The class_weight
parameter in scikit-learn’s DecisionTreeClassifier
allows you to handle imbalanced datasets where the classes have very different numbers of samples.
Imbalanced datasets can lead to biased models that perform poorly on the minority class, as the model may simply learn to always predict the majority class.
The class_weight
parameter allows you to assign higher weights to the minority class samples during training, effectively increasing their importance and compensating for the class imbalance.
The default value for class_weight
is None, which gives equal weight to all classes.
A common value is ‘balanced’, which automatically adjusts the class weights inversely proportional to their frequencies in the input data.
You can also specify a dictionary to set custom weights for each class.

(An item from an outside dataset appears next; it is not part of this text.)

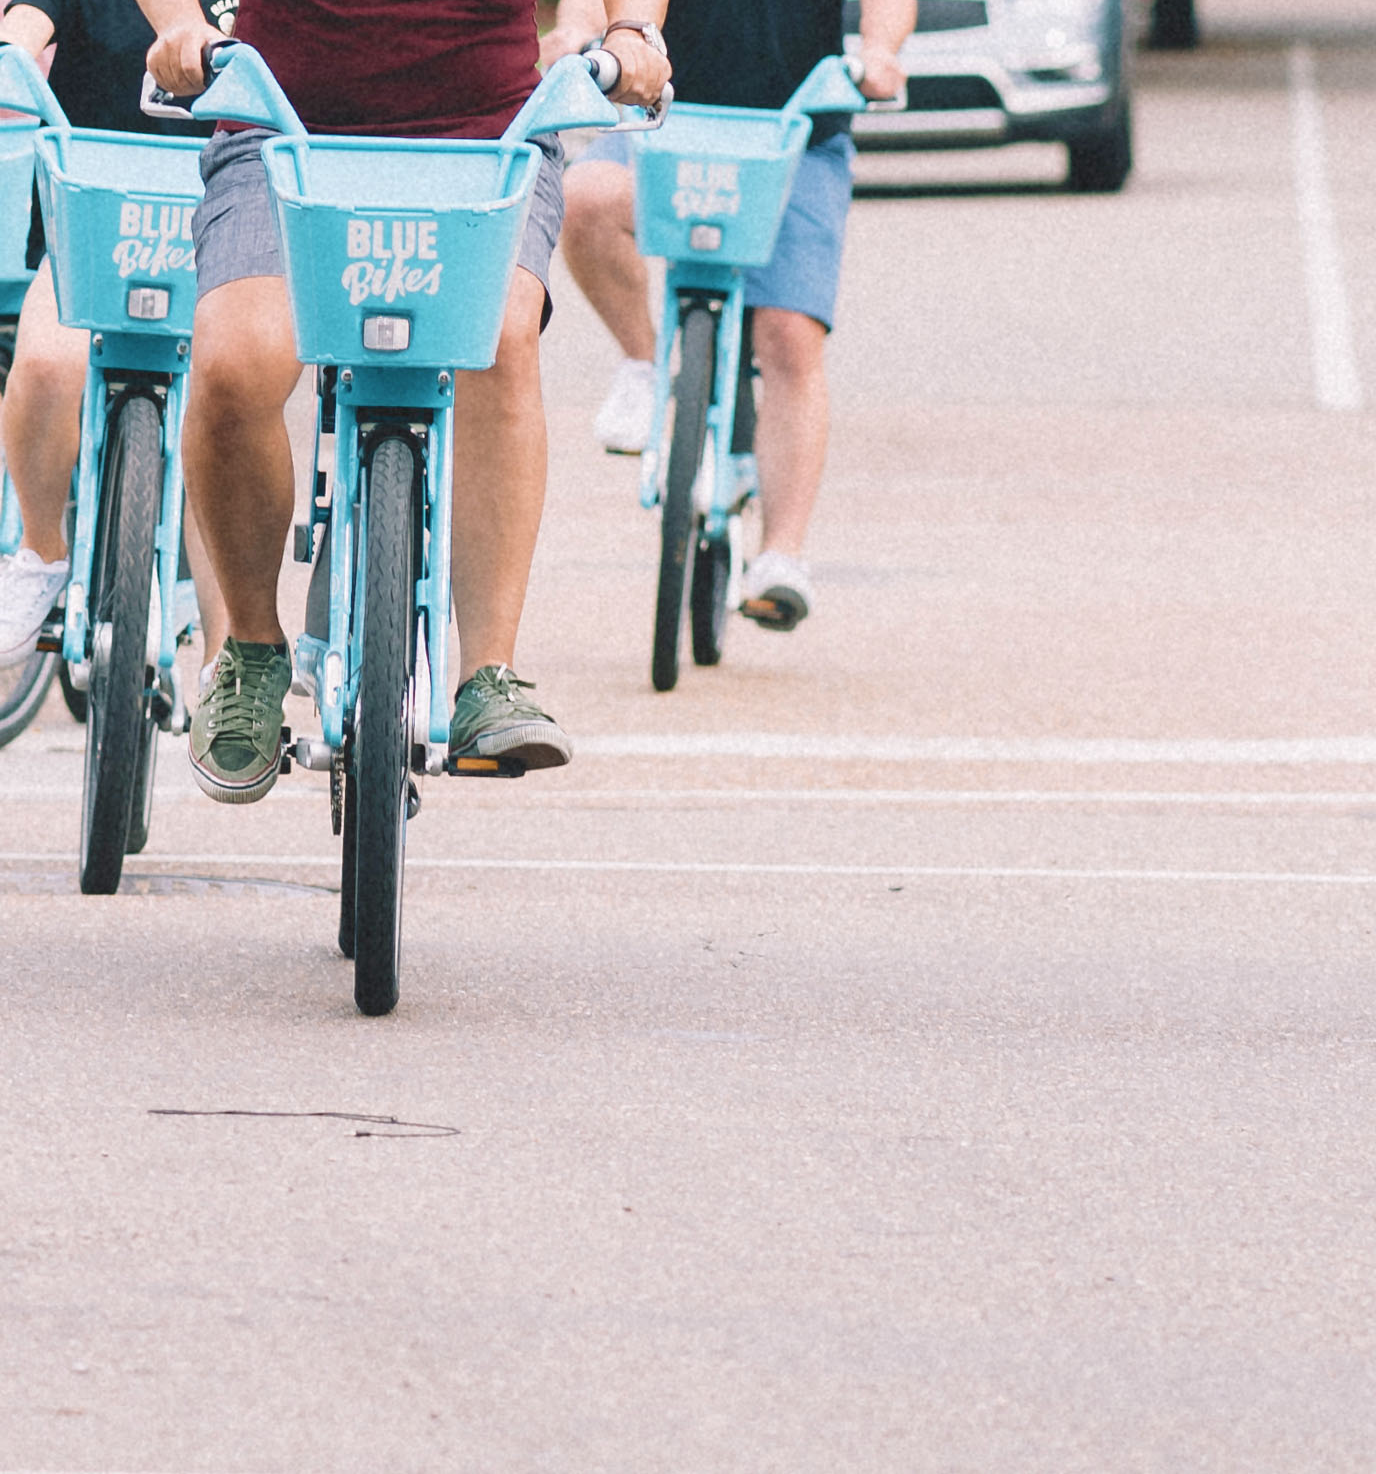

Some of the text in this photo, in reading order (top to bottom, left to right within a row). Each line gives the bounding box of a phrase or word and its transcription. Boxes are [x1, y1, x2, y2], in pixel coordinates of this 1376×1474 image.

[677, 161, 739, 190] BLUE
[112, 233, 196, 278] Bikes
[347, 220, 438, 259] BLUE
[341, 257, 443, 306] Bikes

from sklearn.datasets import make_classification
from sklearn.model_selection import train_test_split
from sklearn.tree import DecisionTreeClassifier
from sklearn.metrics import accuracy_score, precision_score, recall_score, f1_score
# Generate imbalanced synthetic dataset
X, y = make_classification(n_samples=1000, n_classes=2, weights=[0.9, 0.1],
random_state=42)
# Split into train and test sets
X_train, X_test, y_train, y_test = train_test_split(X, y, test_size=0.2, random_state=42)
# Train default and balanced DecisionTreeClassifier models
dt_default = DecisionTreeClassifier(random_state=42)
dt_balanced = DecisionTreeClassifier(class_weight='balanced', random_state=42)
dt_default.fit(X_train, y_train)
dt_balanced.fit(X_train, y_train)
# Evaluate performance metrics
y_pred_default = dt_default.predict(X_test)
y_pred_balanced = dt_balanced.predict(X_test)
print("Default Model:")
print(f"Accuracy: {accuracy_score(y_test, y_pred_default):.3f}")
print(f"Precision: {precision_score(y_test, y_pred_default):.3f}")
print(f"Recall: {recall_score(y_test, y_pred_default):.3f}")
print(f"F1 Score: {f1_score(y_test, y_pred_default):.3f}\n")
print("Balanced Model:")
print(f"Accuracy: {accuracy_score(y_test, y_pred_balanced):.3f}")
print(f"Precision: {precision_score(y_test, y_pred_balanced):.3f}")
print(f"Recall: {recall_score(y_test, y_pred_balanced):.3f}")
print(f"F1 Score: {f1_score(y_test, y_pred_balanced):.3f}")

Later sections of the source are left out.